[Phrase grounding data]
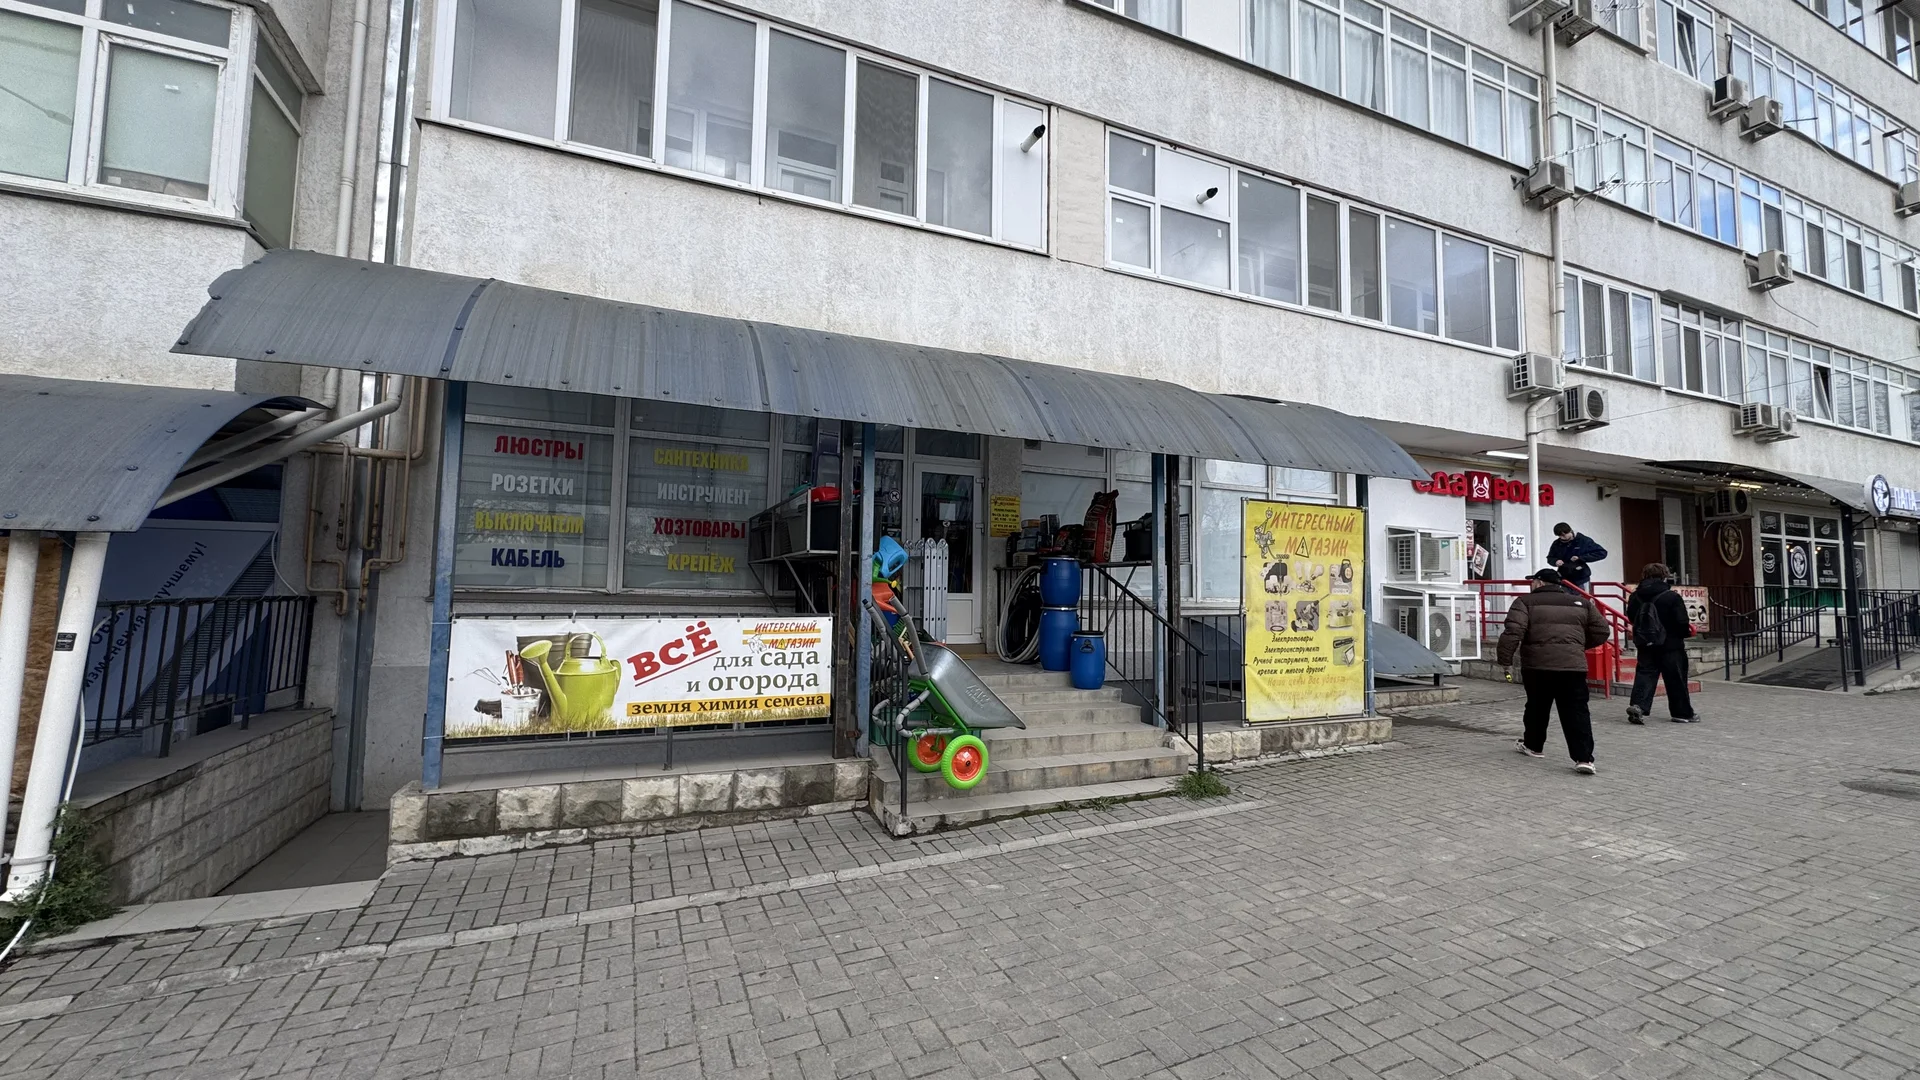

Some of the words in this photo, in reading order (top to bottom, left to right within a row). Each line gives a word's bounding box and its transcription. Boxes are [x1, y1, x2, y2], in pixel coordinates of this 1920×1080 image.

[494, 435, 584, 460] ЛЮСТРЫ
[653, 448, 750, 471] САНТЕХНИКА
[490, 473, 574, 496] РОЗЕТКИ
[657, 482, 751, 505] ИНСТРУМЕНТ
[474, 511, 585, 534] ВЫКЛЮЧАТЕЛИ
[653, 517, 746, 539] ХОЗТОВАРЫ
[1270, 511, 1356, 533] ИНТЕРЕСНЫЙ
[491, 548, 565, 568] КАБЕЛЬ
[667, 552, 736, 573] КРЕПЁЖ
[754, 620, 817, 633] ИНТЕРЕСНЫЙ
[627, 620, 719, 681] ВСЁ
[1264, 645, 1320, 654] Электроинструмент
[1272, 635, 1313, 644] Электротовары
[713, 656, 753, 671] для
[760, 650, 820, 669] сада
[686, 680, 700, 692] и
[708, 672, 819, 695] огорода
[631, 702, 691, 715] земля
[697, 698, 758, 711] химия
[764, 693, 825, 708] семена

REQUIRED WORK:
Without the pictures, return the whole of the data exactly as given.

WRITTEN SOLUTION:
Some of the words in this photo, in reading order (top to bottom, left to right within a row). Each line gives a word's bounding box and its transcription. Boxes are [x1, y1, x2, y2], in pixel coordinates of this 1920×1080 image.

[494, 435, 584, 460] ЛЮСТРЫ
[653, 448, 750, 471] САНТЕХНИКА
[490, 473, 574, 496] РОЗЕТКИ
[657, 482, 751, 505] ИНСТРУМЕНТ
[474, 511, 585, 534] ВЫКЛЮЧАТЕЛИ
[653, 517, 746, 539] ХОЗТОВАРЫ
[1270, 511, 1356, 533] ИНТЕРЕСНЫЙ
[491, 548, 565, 568] КАБЕЛЬ
[667, 552, 736, 573] КРЕПЁЖ
[754, 620, 817, 633] ИНТЕРЕСНЫЙ
[627, 620, 719, 681] ВСЁ
[1264, 645, 1320, 654] Электроинструмент
[1272, 635, 1313, 644] Электротовары
[713, 656, 753, 671] для
[760, 650, 820, 669] сада
[686, 680, 700, 692] и
[708, 672, 819, 695] огорода
[631, 702, 691, 715] земля
[697, 698, 758, 711] химия
[764, 693, 825, 708] семена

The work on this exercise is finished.